DEFRA/AHDB summarise current methods for chemical treatment of orchards for this pest. Pirimicarb is commonly used to control aphids in orchards . It is a selective carbamate that works by inhibiting acetylcholinesterase activity, but does not affect some of the useful predators such as ladybirds. Another newer selective insecticide is Flonicamid, a pyridincarboxamid that inhibits the feeding behaviour of aphids. It has been shown to provide good control of most of the important aphid species on apple. Two neoneonicotinoids are also effective against Dysaphis plantaginea, acetamiprid and thiacloprid. Acetamiprid is highly selective and is also effective against mussel scale (Lepidosaphes ulmi). Thiacloprid is active against a wide range of apple pests, but does have adverse effects on earwigs which are an important predator.

Wyss and Daniel (2004) looked at the effects of pyrethrin treatments, and the repellent kaolin product Surround®, on autumn populations of Dysaphis plantaginea in apple orchards in Switzerland. Single and multiple applications of pyrethrin and kaolin were tested at different dates after apple harvesting in autumn 2002 when sexuales of the rosy apple aphid were present. Repeated applications of Surround in autumn significantly reduced the number of females in autumn and, consequently, the number of hatched fundatrices in spring. Single kaolin treatments were less effective. Unexpectedly, neither single nor multiple applications of the contact insecticide Pyrethrum FS had a knock-down effect on females in autumn. However, pyrethrin significantly reduced the number of hatched fundatrices in spring. Neither pesticide completely controlled the rosy apple aphid but with a more detailed analysis of factors influencing the efficacy of autumn treatments a new approach to control this serious pest could be achieved.
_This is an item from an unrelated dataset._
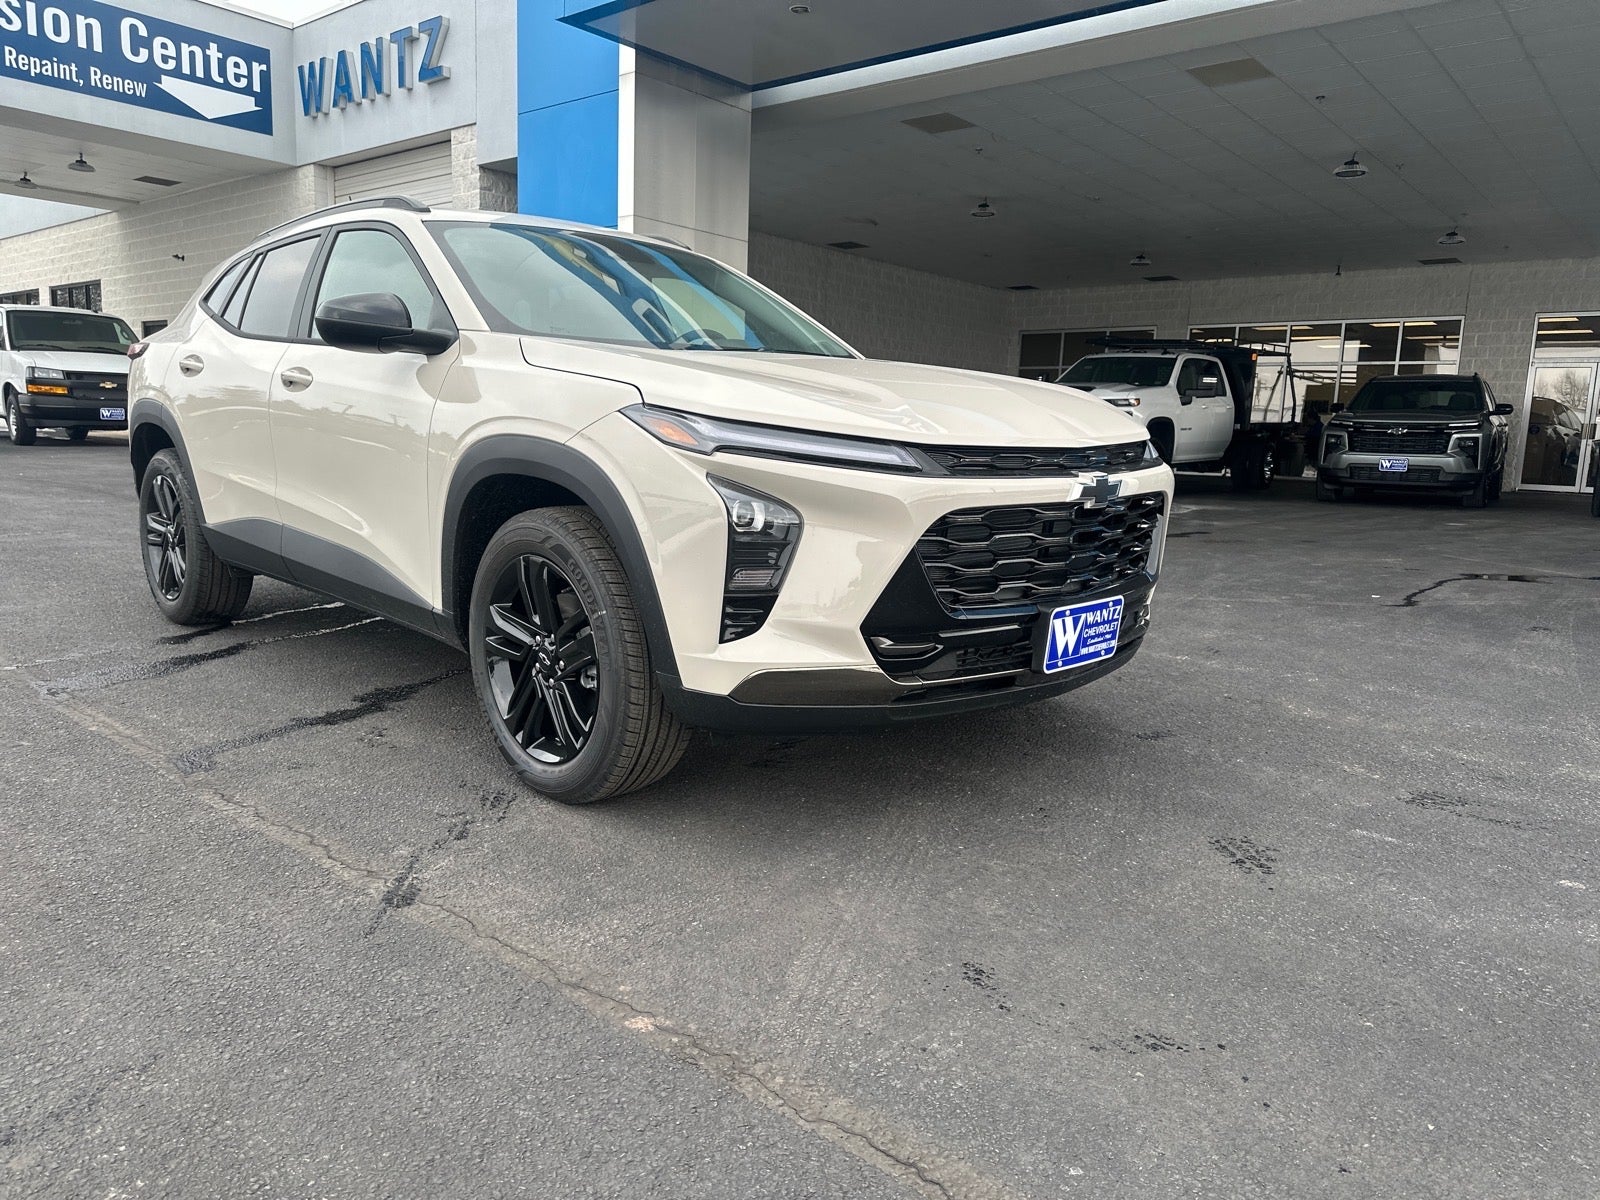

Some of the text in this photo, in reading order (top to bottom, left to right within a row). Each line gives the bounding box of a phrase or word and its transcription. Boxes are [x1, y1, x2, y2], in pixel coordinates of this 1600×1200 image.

Rosy apple aphid is normally controlled in commercial apple orchards by an application of an aphicide in the spring. Control is often inadequate, especially in organic production where the range of aphicides permitted, which are only contact acting, is very restricted. Cross et al. (2007) evaluated control of rosy apple aphid by autumn applications of aphicides. Their experiments showed that control of the aphid in the autumn with pirimicarb or pirimicarb + cypermethrin can be highly effective and, with 2-3 sprays of the organically permitted insecticide pyrethrum, moderately effective. The optimum time for spraying was early-mid October, coinciding with the start of migration of males and before mating and egg laying, as indicated by Rothamsted Insect Survey suction traps at 8 sites throughout England. Other organically acceptable materials tested including kaolin did not give useful control. The vulnerability of gynoparae and oviparae on the flat undersides of leaves (i.e. leaves not curled by aphid feeding) in the autumn where they can be directly intercepted with sprays, compared to the inaccessibility of fundatrices and their progeny enclosed in blossom clusters and leaves curled by aphid feeding in spring, was discussed. The authors highlighted the need to develop assessment methods and treatment thresholds for autumn treatment so routine spraying can be avoided.

Biological control

Wyss (1995) looked at the effects of weed strips on aphids and aphidophagous predators in an apple orchard in Switzerland. Selected weeds were used to attract predators such as anthocorid bugs. In the year before the experiment, Dysaphis plantaginea and Aphis pomi and aphidophagous predators were homogenously distributed in the orchard. Weed strips were sown between tree rows and along the border parallel to the first and the last row of trees in one part - the other part served as control. In both parts of the orchard, randomly chosen trees were monitored at weekly intervals in 1992 and 1993. During flowering of weeds more aphidophagous predators were observed on the apple trees within the strip-sown area than in the control area. The most abundant aphidophagous predators were spiders, predaceous Heteroptera, Coccinellidae, and Chrysopidae. Both species of aphids were significantly less abundant in the area with weed strips than in the control area during the period.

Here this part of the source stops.